___ Records for processing

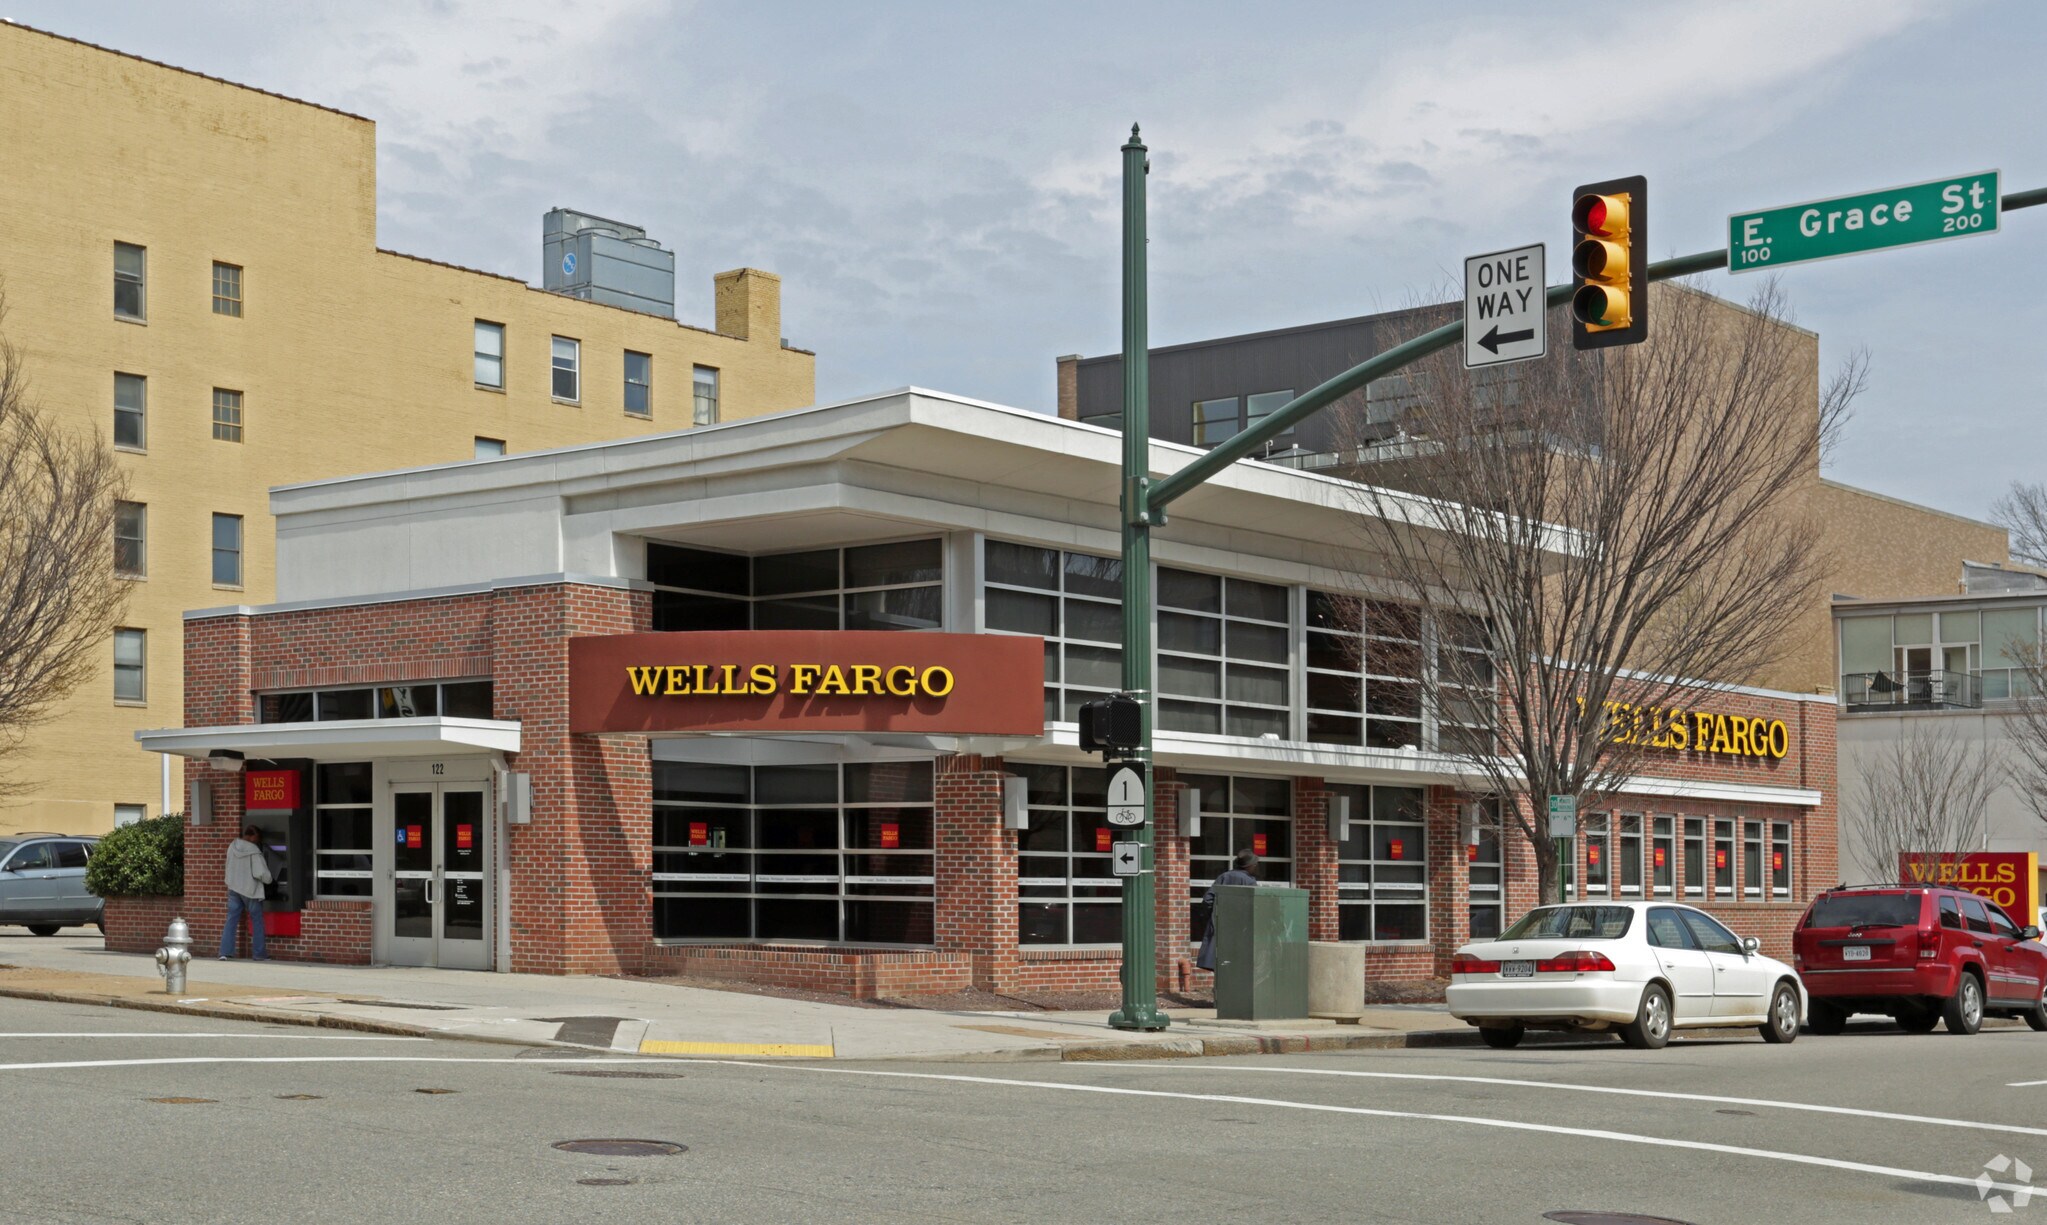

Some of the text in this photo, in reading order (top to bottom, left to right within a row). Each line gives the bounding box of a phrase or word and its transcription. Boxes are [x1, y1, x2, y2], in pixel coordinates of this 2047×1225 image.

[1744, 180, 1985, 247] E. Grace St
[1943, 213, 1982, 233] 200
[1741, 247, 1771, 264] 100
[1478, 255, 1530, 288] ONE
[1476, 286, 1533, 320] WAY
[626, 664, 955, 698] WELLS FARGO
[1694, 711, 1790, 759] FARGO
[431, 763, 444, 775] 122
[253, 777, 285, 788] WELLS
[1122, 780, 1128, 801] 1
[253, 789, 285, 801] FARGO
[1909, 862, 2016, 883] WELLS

______
___ Records for processing

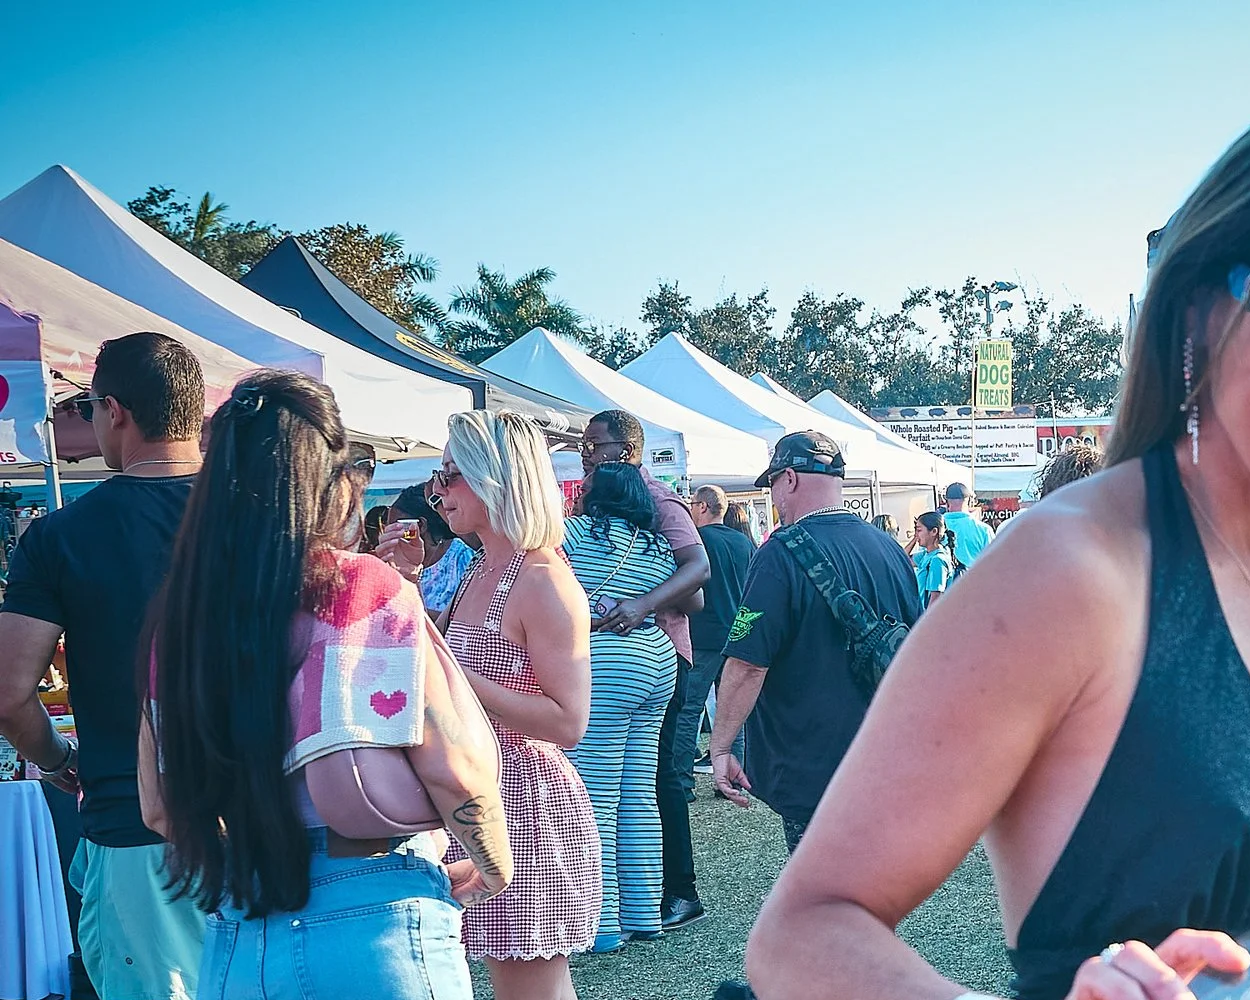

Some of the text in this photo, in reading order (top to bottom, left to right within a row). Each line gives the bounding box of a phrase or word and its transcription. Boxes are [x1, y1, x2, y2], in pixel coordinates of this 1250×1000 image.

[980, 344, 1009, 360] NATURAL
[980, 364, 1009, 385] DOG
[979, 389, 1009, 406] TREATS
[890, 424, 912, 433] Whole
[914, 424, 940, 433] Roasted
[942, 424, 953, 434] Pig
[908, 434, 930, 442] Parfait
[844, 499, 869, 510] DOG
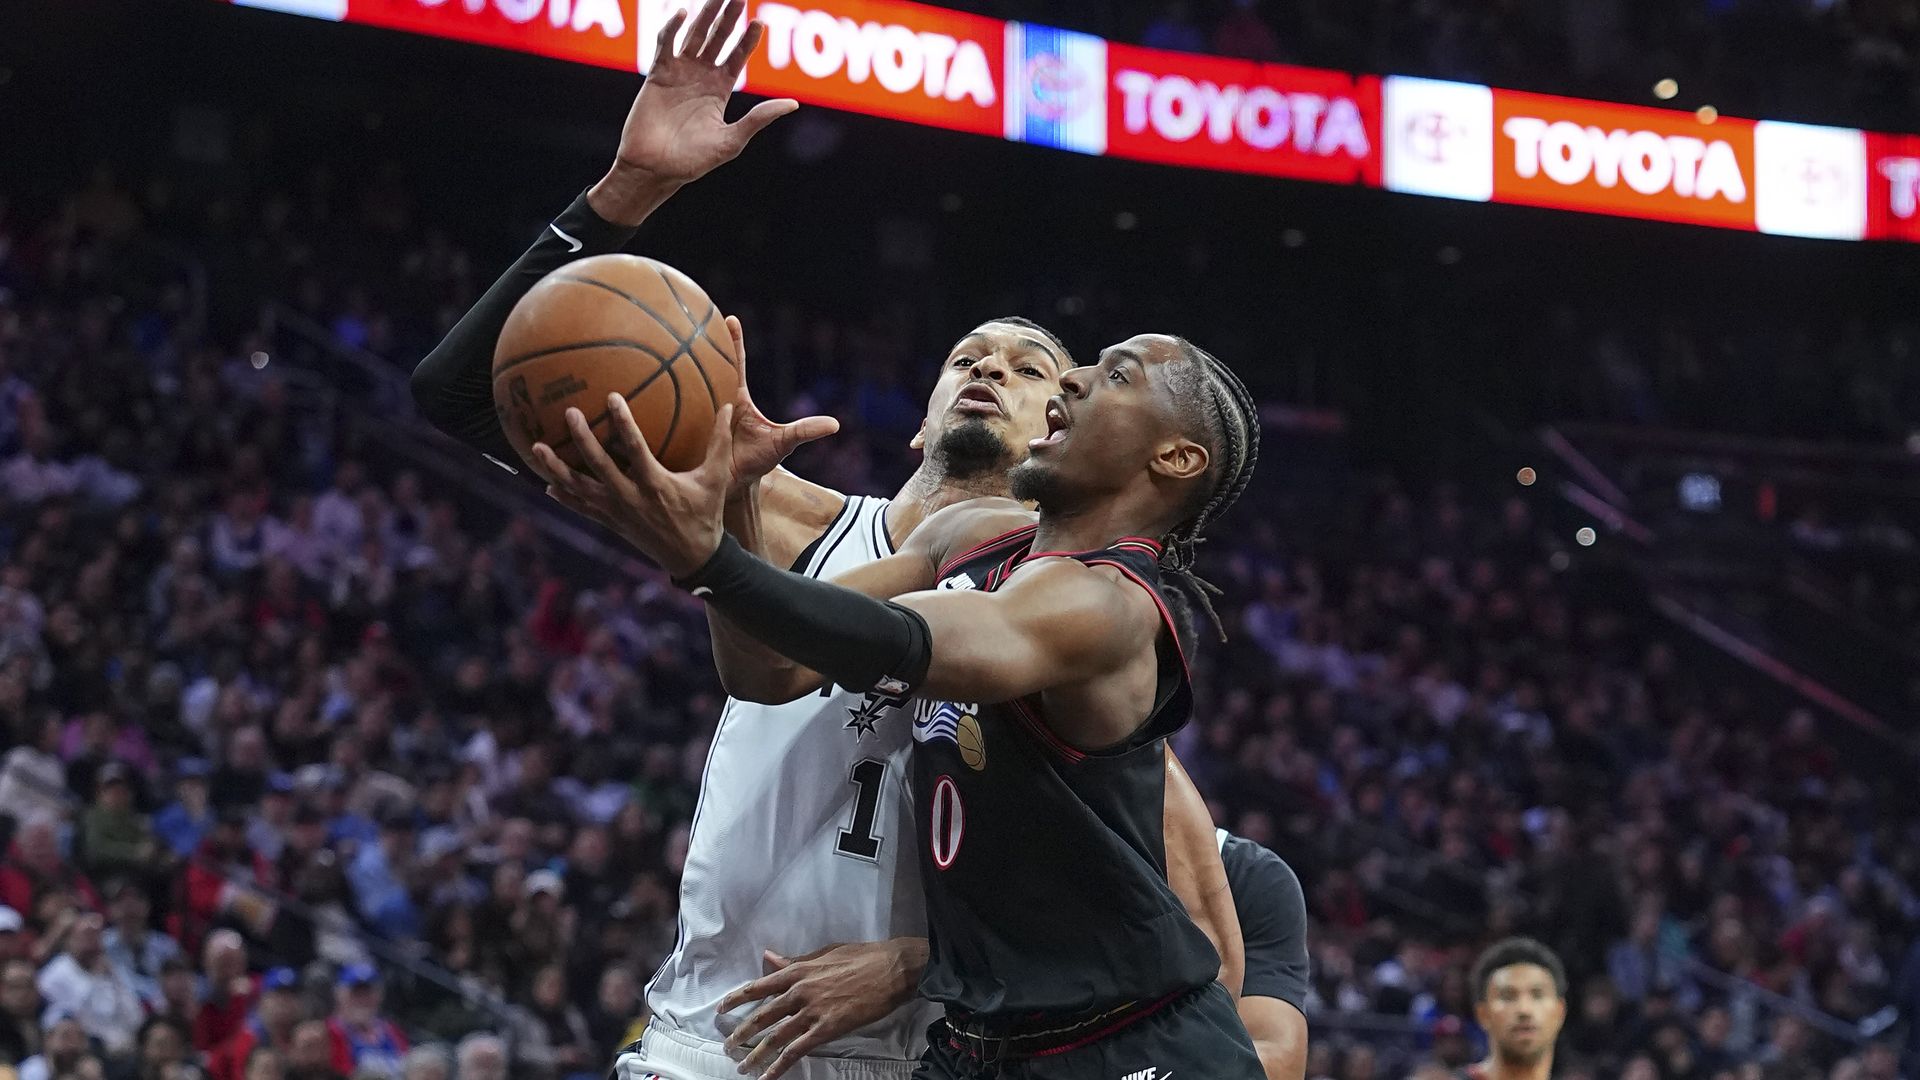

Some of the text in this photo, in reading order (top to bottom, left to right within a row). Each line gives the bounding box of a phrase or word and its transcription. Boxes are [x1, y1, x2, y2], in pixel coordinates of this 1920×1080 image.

______

• **Task brief**: The stretch above running from the line with "this 1250×1000 image." through the line with "this 1920×1080 image." is all you should copy, exactly, leaving out the pictures.

• **Answer to this task**:
Some of the text in this photo, in reading order (top to bottom, left to right within a row). Each line gives the bounding box of a phrase or word and its transcription. Boxes are [x1, y1, x2, y2], in pixel coordinates of this 1250×1000 image.

[980, 344, 1009, 360] NATURAL
[980, 364, 1009, 385] DOG
[979, 389, 1009, 406] TREATS
[890, 424, 912, 433] Whole
[914, 424, 940, 433] Roasted
[942, 424, 953, 434] Pig
[908, 434, 930, 442] Parfait
[844, 499, 869, 510] DOG

Some of the text in this photo, in reading order (top to bottom, left to right within a row). Each line gives the bounding box of a phrase or word and its transcription. Boxes are [x1, y1, x2, y2], in pixel coordinates of this 1920×1080 image.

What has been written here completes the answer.